With his claws carefully sheathed, Spooks balanced on his hind legs in order to pull the injured hand towards him with his paws and lick at the cut. "Explain to me again", he asked between the sandpaper rasping of his pink tongue, "how you're going to get him to do something so stupid, and how this helpless human girl is going to stop him if he does."
"Stage magic", she smiled cheekily. "His body will be there, but it will be Jomi wearing it. Rotsam's soul will be safely out of the way right here." She held up her right wrist, where her pilfered charm bracelet and its one diamond charm reflected the desert sun back at them in a rainbow of colour. "Possession is just an elaborate costume change, is it not? And I will be playing the part of the damsel in distress. Then I'll have someone off stage ready to swoop in and save me if the crowd is too shell shocked. Alice, perhaps."

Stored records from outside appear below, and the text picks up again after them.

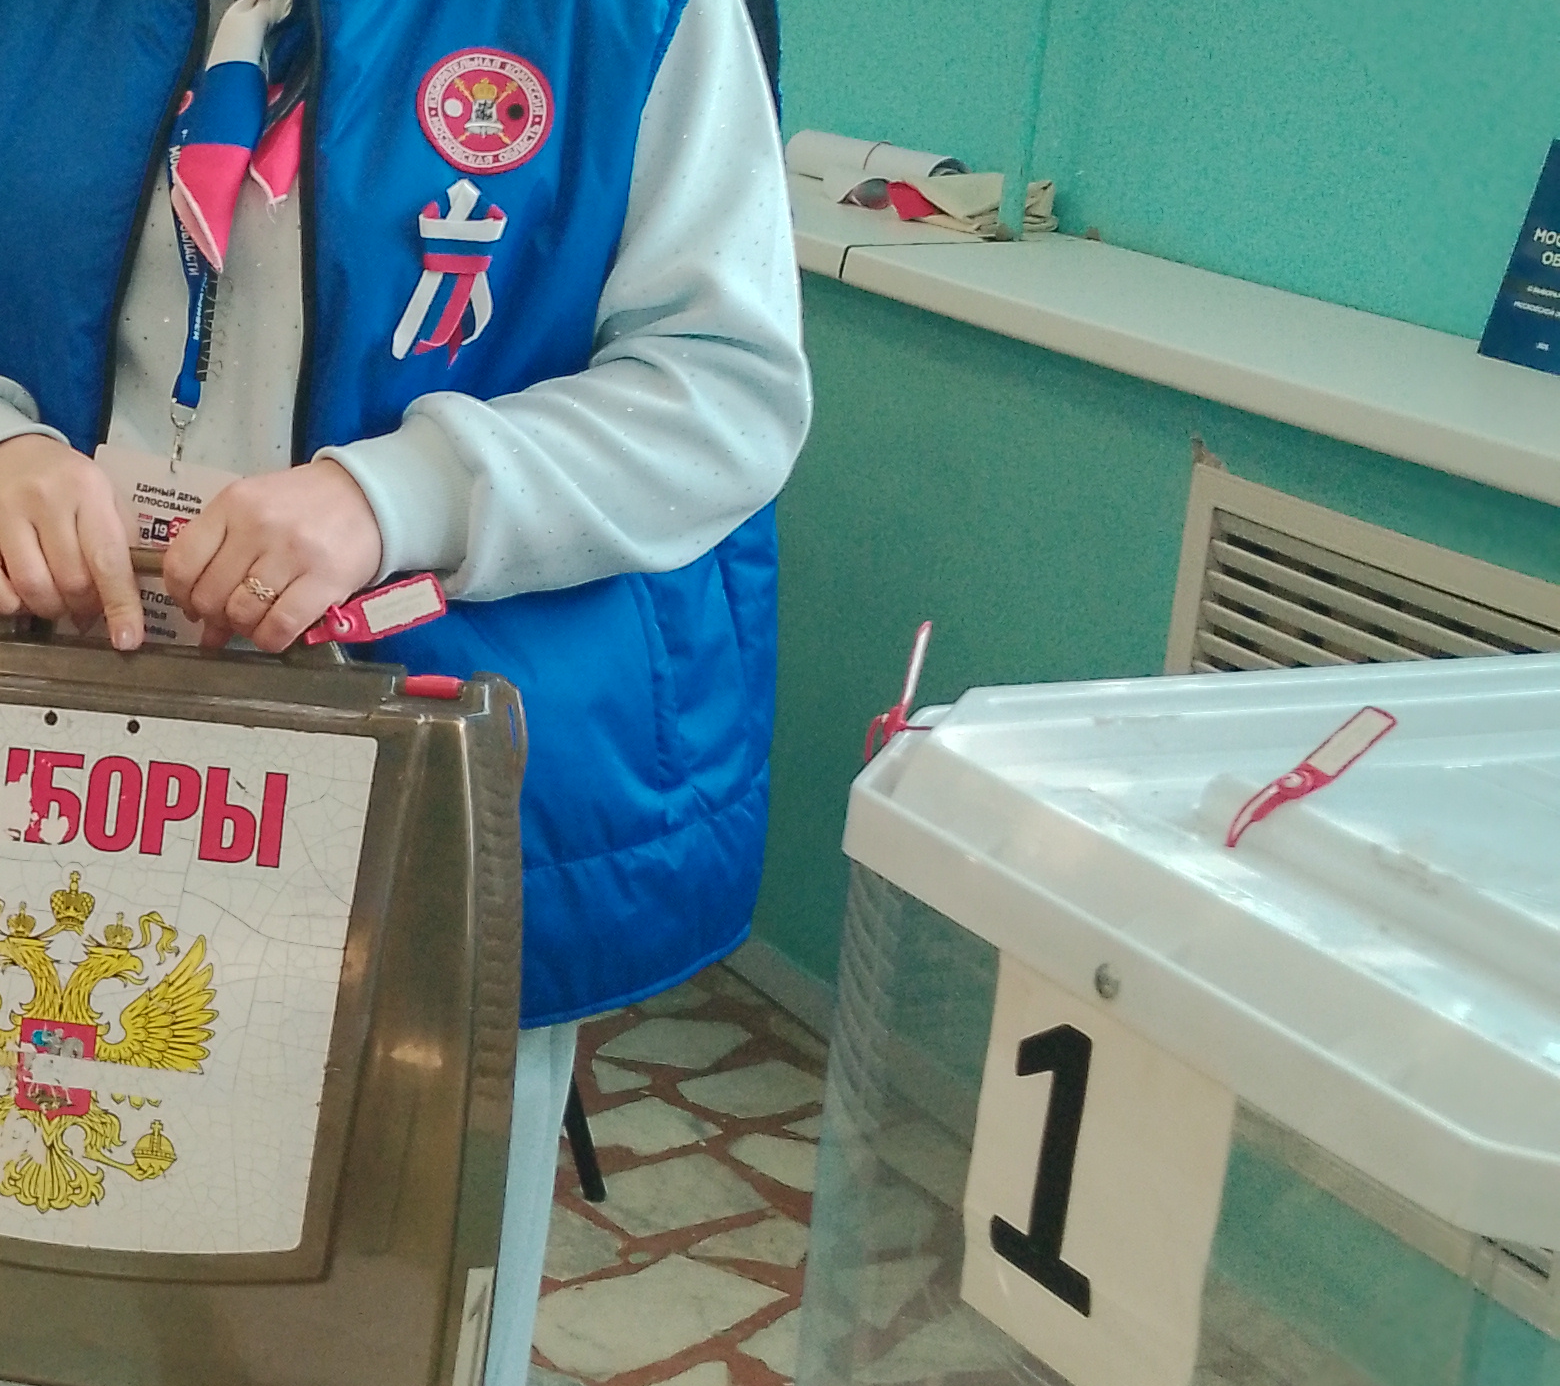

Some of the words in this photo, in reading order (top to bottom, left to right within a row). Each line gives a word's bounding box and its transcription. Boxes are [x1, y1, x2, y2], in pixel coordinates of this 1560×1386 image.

[136, 482, 176, 498] ЕДИНЫЙ
[176, 491, 202, 504] ДЕНЬ
[132, 494, 201, 515] ГОЛОСОВАНИЯ
[154, 523, 168, 537] 19
[990, 1023, 1093, 1318] 1

Spooks let go of her hand, and she checked to make sure she still had skin between her fingers after his thorough cleaning. "The only thing is, all the best stage makeup in the world won't pass for real injuries. And I'm not strong enough to take more than a hit or two, especially not from someone like Jomi. Before we even get there I need someone to break me in a way that I can recover from, that won't injure me permanently or threaten my life. That's why we're here." She wiped her hand on her skirt and smiled. "If I need someone to break me cleanly, they need to know what a clean break looks like. There's a hospital in the Outpost, in the middle of a domain that would do anything for the right coin, full of medical professionals. Seems like the right place, doesn't it?"

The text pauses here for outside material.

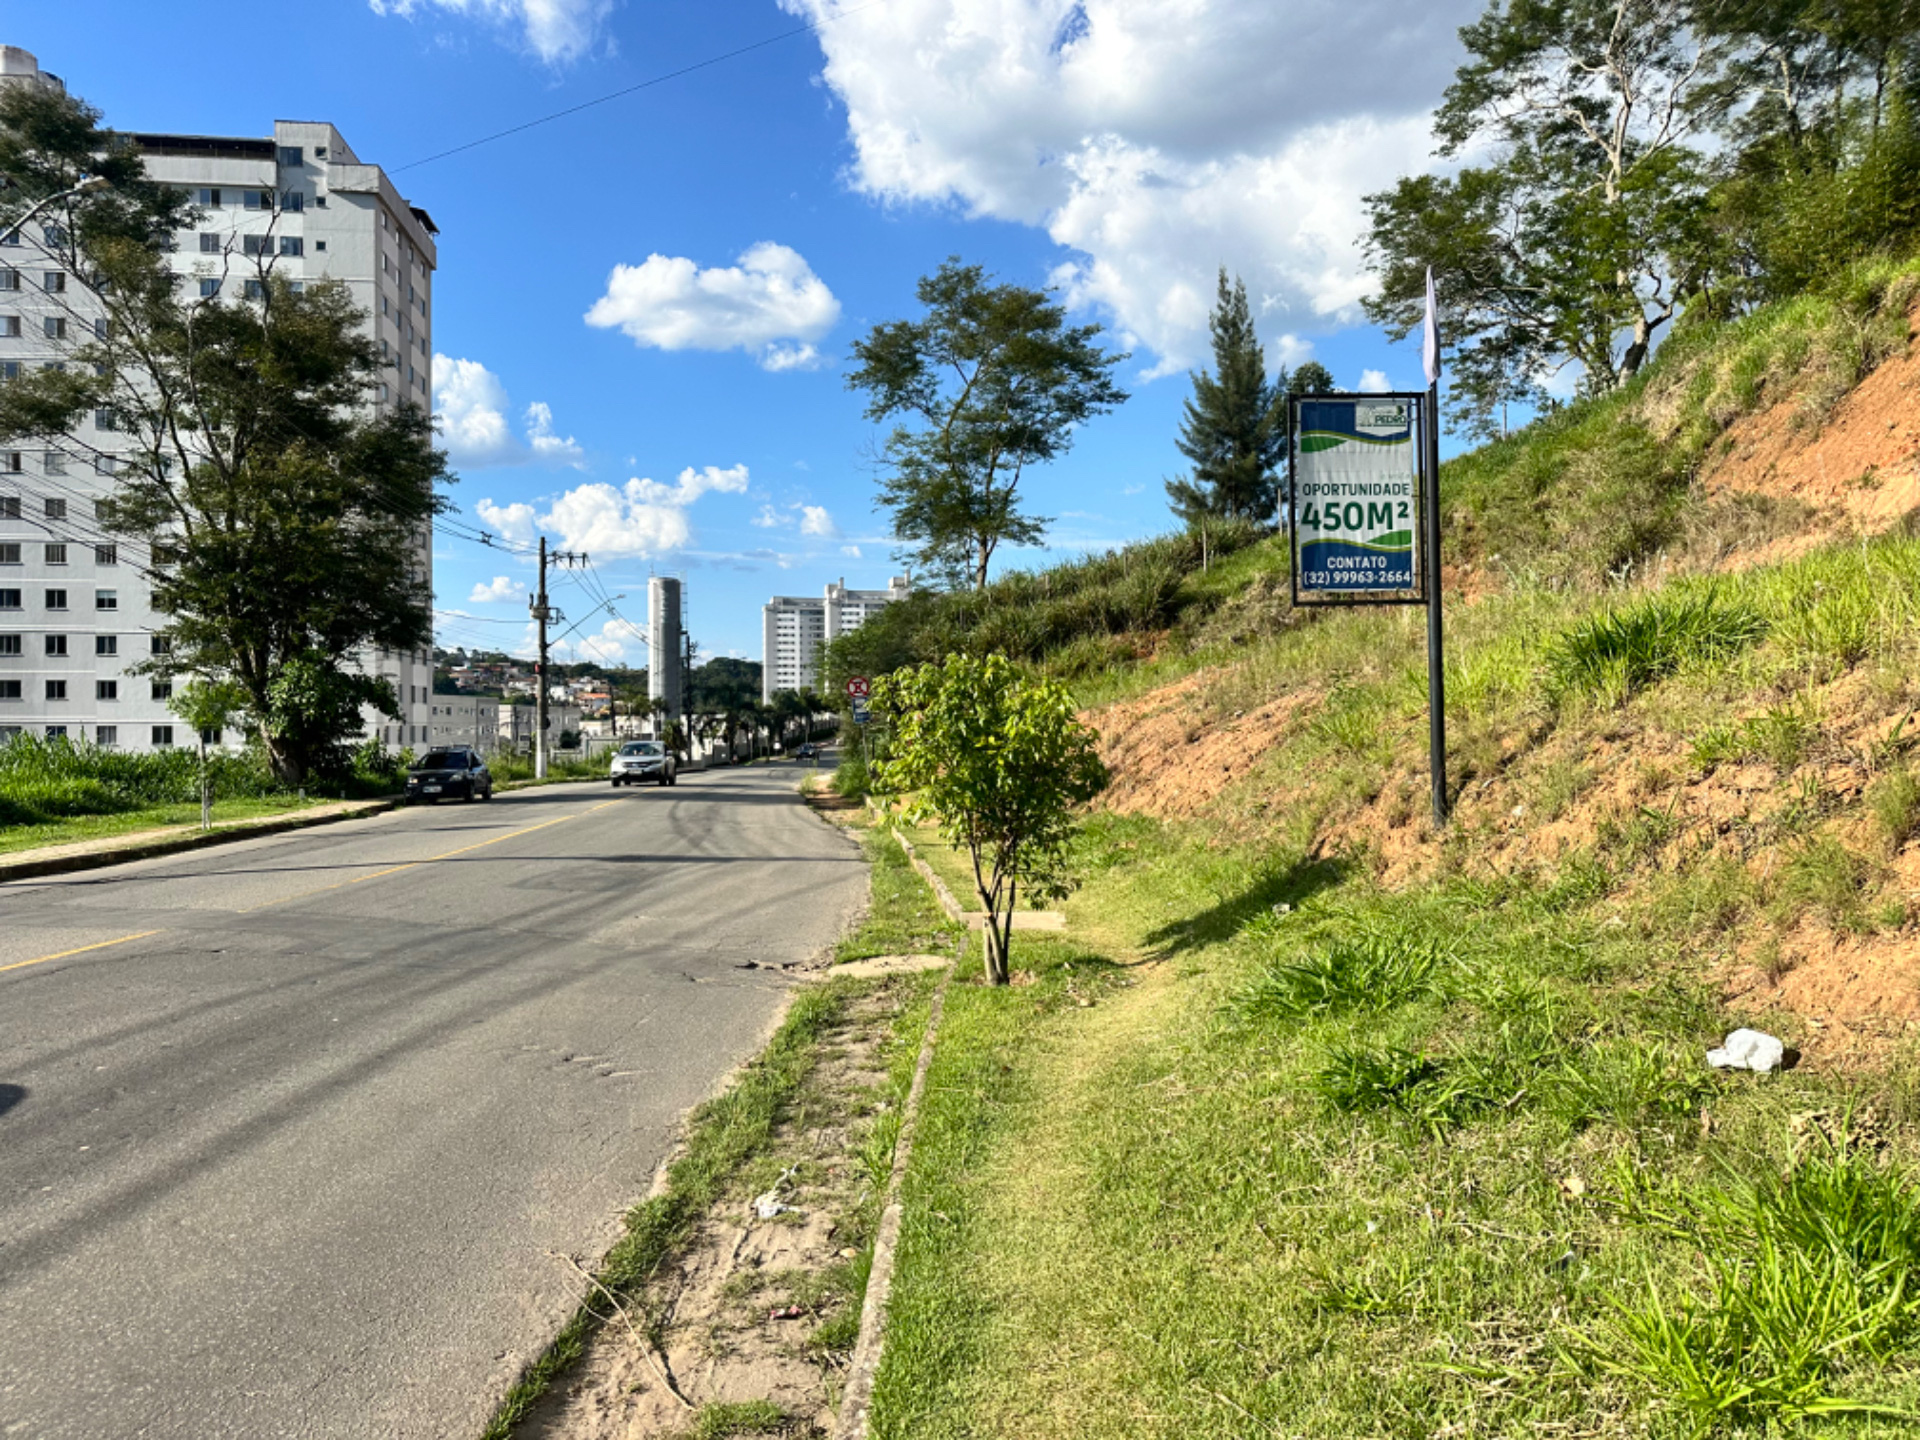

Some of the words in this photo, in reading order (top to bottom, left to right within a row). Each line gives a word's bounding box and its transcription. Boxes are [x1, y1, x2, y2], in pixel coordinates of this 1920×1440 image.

[1302, 483, 1410, 496] OPORTUNIDADE
[1326, 556, 1387, 569] CONTATO
[1303, 571, 1330, 585] (32)
[1332, 570, 1411, 584] 99963-2664

The end of Spook's tail was flicking in an agitated pattern, and his paws were blunting themselves as they scrapped at the cobblestone.
"And you've never tried to use the charm bracelet before?"
"Not on a living person", she admitted.
"What happens if you're found out?"
"I'll be tried by the Sezia, and appropriately punished."
"What happens if Rotsam breaks the possession?"
"He'll kill me."
Spooks stared at her for a long moment. "You know you're crazy, right?"
"That's show business, sweetheart", Madeira laughed, putting her hand to her forehead dramatically. Out of her periphery she saw a man coming up behind her, intending to squeeze between her and the main flow of traffic. Shifting her weight, she angled herself into his path.
His shoulder knocked into hers, and the smaller woman was thrown off balance. She stuck her left hand out as if to instinctively catch herself. Then, with as much force as she dared, Madeira slammed her left hand again onto the edge of the axe.
It was a strange sensation. Not painful, but it felt so wrong that it had every nerve in her body focused on that one point waiting for the signal that would never come. She could feel air moving against her open flesh as a nearly two-centimeter cut was sliced through her hand between her middle and ring finger.
Acting came naturally to the Spiritist. It had better, since she spent an inordinate amount of time pretending to be other people for the benefit of the dead. So summoning all her will, and using the memory of the injury that had paralyzed her hand in the first place, she clutched her bleeding limb to her chest and shrieked.
Spooks, startled by the noise and the sudden action, vanished in a cloud of soulmist. In ticks several passerby had stopped to help, including the confused weapons vendor and the poor man who had bumped into her. The man was white as a sheet and kept up a string of apologies as he pulled a scarf off his head and used it to stop the bleeding.
"Oh gods! oh gods, I'm so sorry, I didn't-, I don't know how-. Here, hold on to me. Oh gods, I'm so sorry. I'm going to take you to the Redynn. They're going to patch you right up. I'm so sorry."